01 - Preheat oven to 400°F. Line a baking sheet with parchment paper.
02 - In a small bowl, whisk together miso paste, grated ginger, soy sauce, honey, rice vinegar, sesame oil, and minced garlic until smooth and well combined.
03 - Arrange salmon fillets on the prepared baking sheet. Generously brush the miso ginger marinade over each fillet, coating evenly. Allow to marinate at room temperature for 10 minutes.
04 - While the salmon marinates, combine snap peas, carrots, red cabbage, scallions, and toasted sesame seeds in a large mixing bowl.
05 - In a separate bowl, whisk together rice vinegar, soy sauce, toasted sesame oil, honey, grated ginger, and sriracha if using. Pour the dressing over the slaw vegetables and toss until evenly coated. Set aside.

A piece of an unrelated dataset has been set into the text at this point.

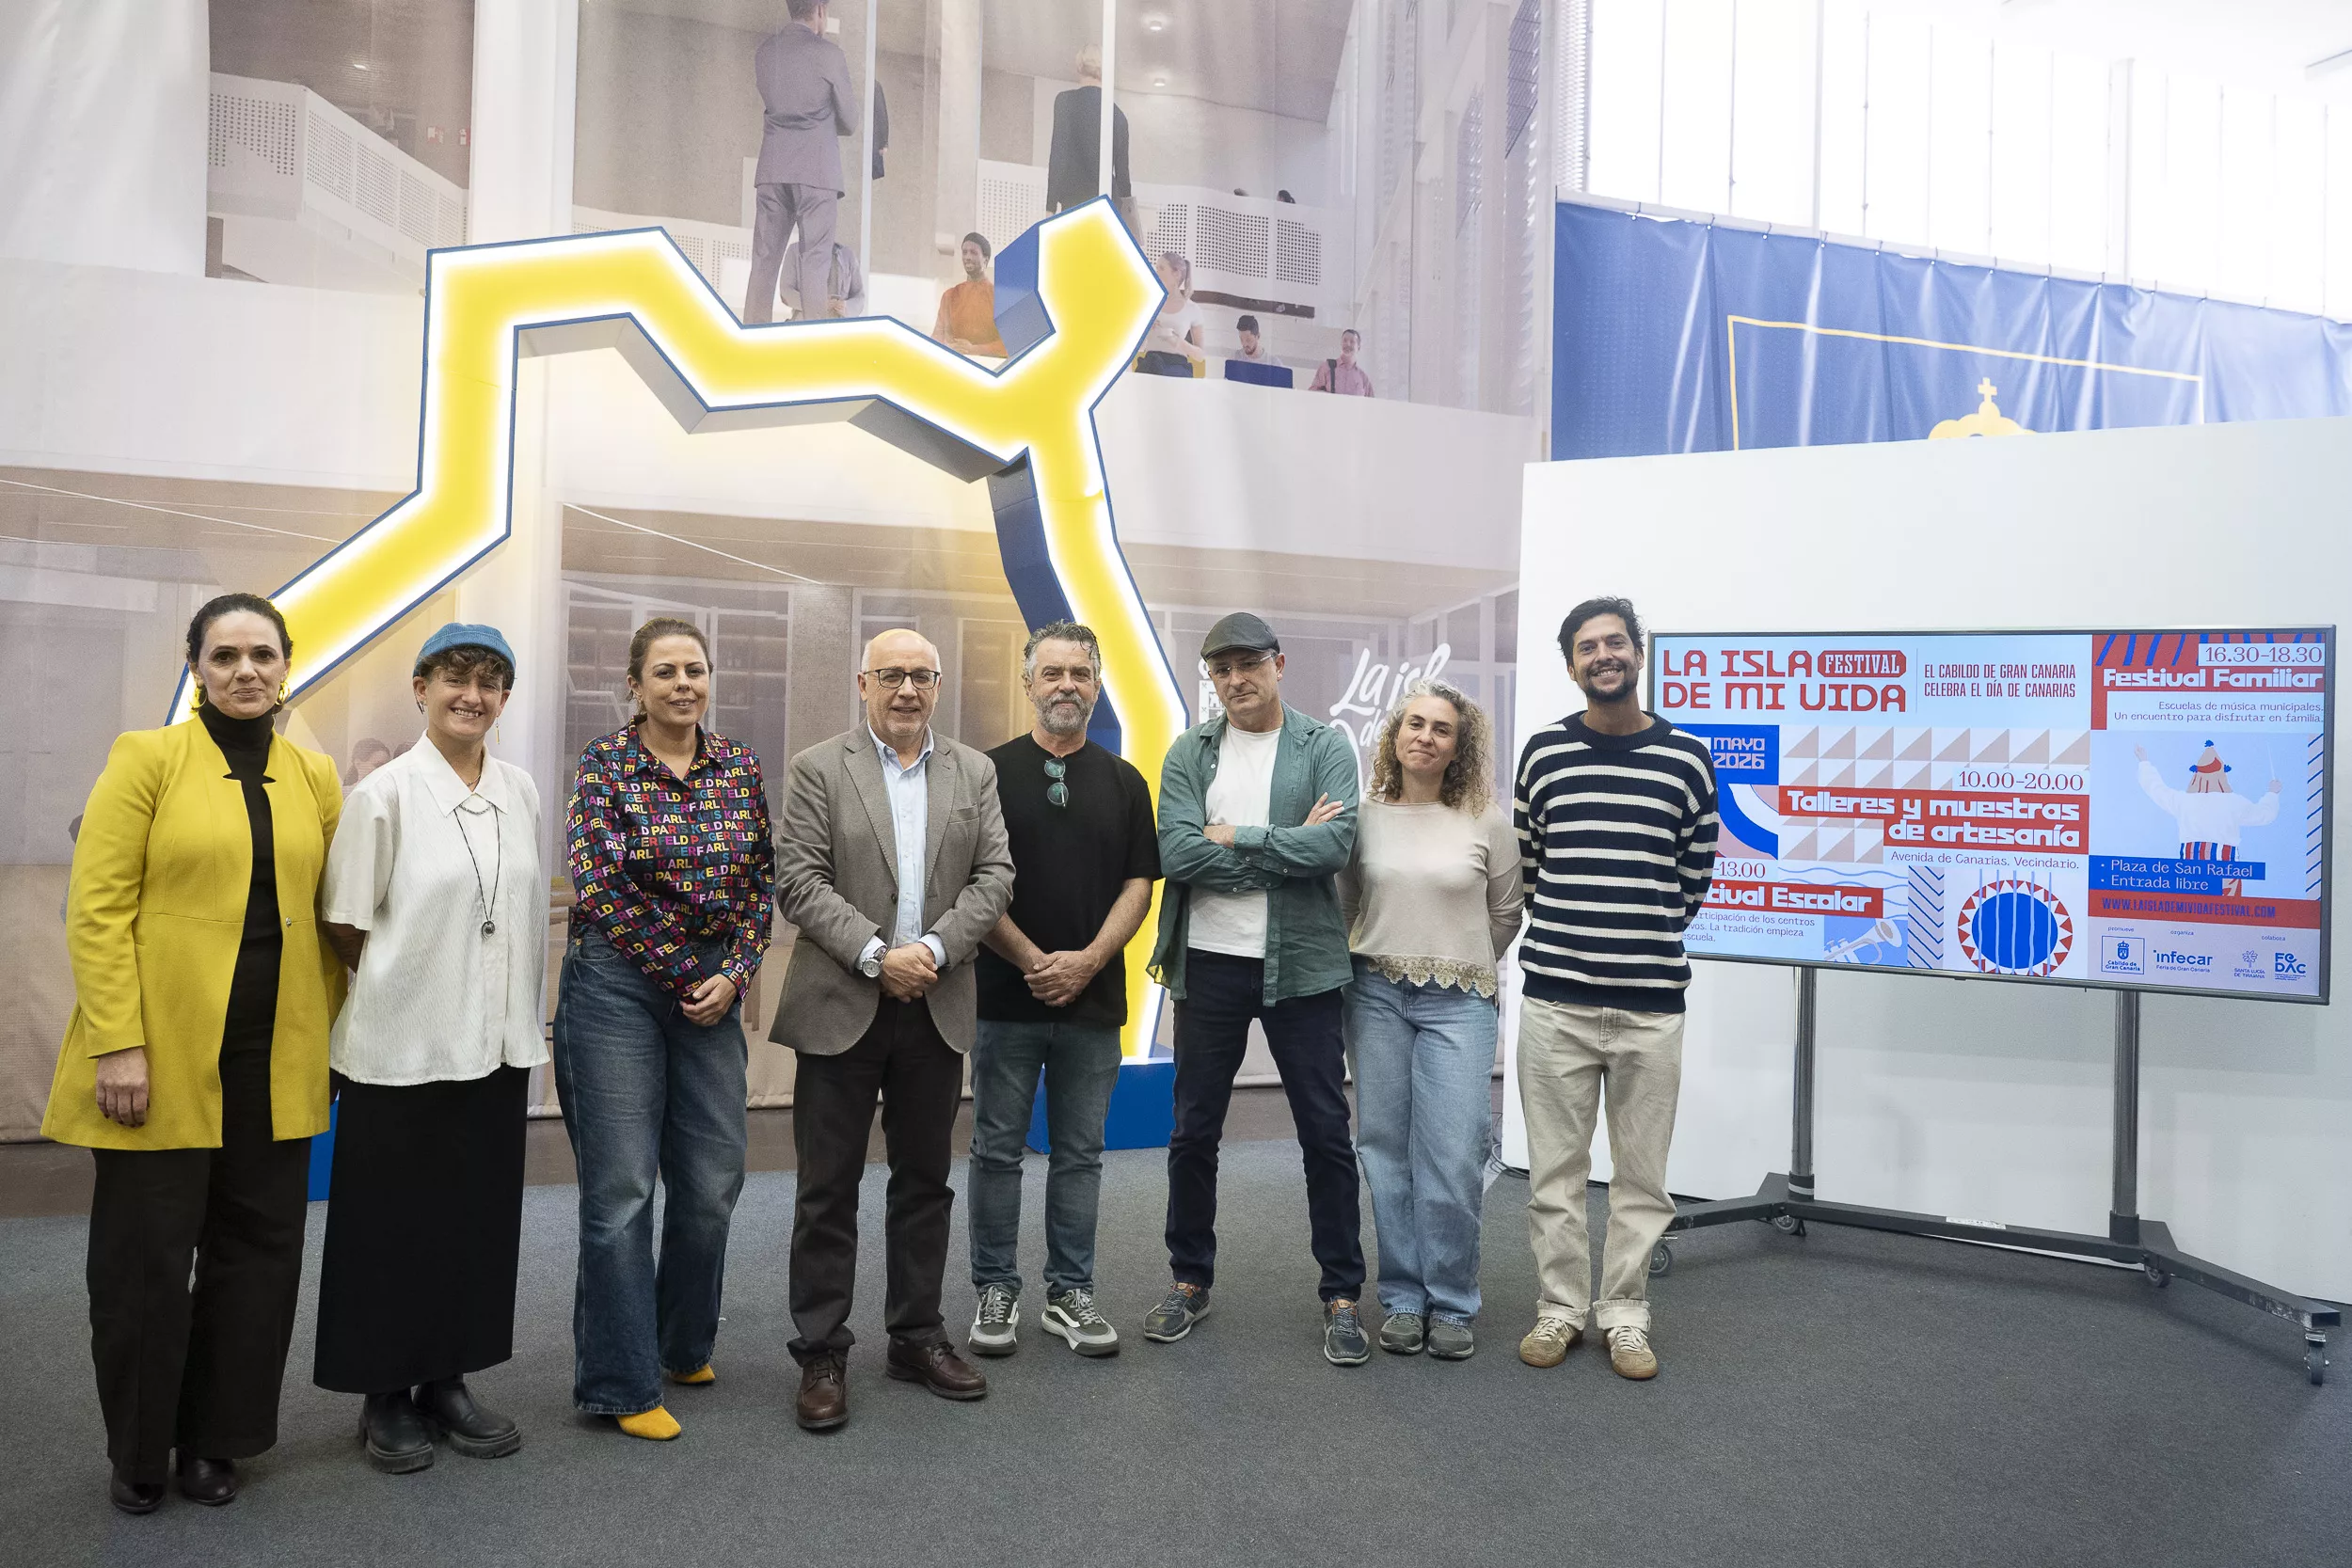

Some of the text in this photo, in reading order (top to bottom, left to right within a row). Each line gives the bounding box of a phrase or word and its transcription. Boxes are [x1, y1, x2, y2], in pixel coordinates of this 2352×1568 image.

06 - Bake the salmon for 10–12 minutes, or until it is just cooked through and flakes easily with a fork.
07 - Serve each salmon fillet over or alongside a generous portion of the sesame snap pea slaw. Garnish with additional sesame seeds or sliced scallions as desired.

# Expert Advice:

01 -
  • The miso ginger glaze caramelizes in the oven and creates this gorgeous golden crust that tastes like something from a restaurant.
  • The snap pea slaw stays crisp and bright even if it sits in the fridge for a day, which means excellent leftovers for lunch.
02 -
  • Do not marinate the salmon longer than 10 to 15 minutes at room temperature because miso is quite salty and can start to cure the fish if left too long.
  • Check your salmon at the 10 minute mark because overcooked salmon dries out fast and the carryover heat continues cooking it after you pull it from the oven.
03 -
  • Spend the extra minute slicing snap peas on a sharp diagonal because it exposes more surface area for the dressing and makes every bite more tender.
  • Toast your sesame seeds in a dry pan for two minutes before sprinkling them on because the flavor difference between raw and toasted is remarkable.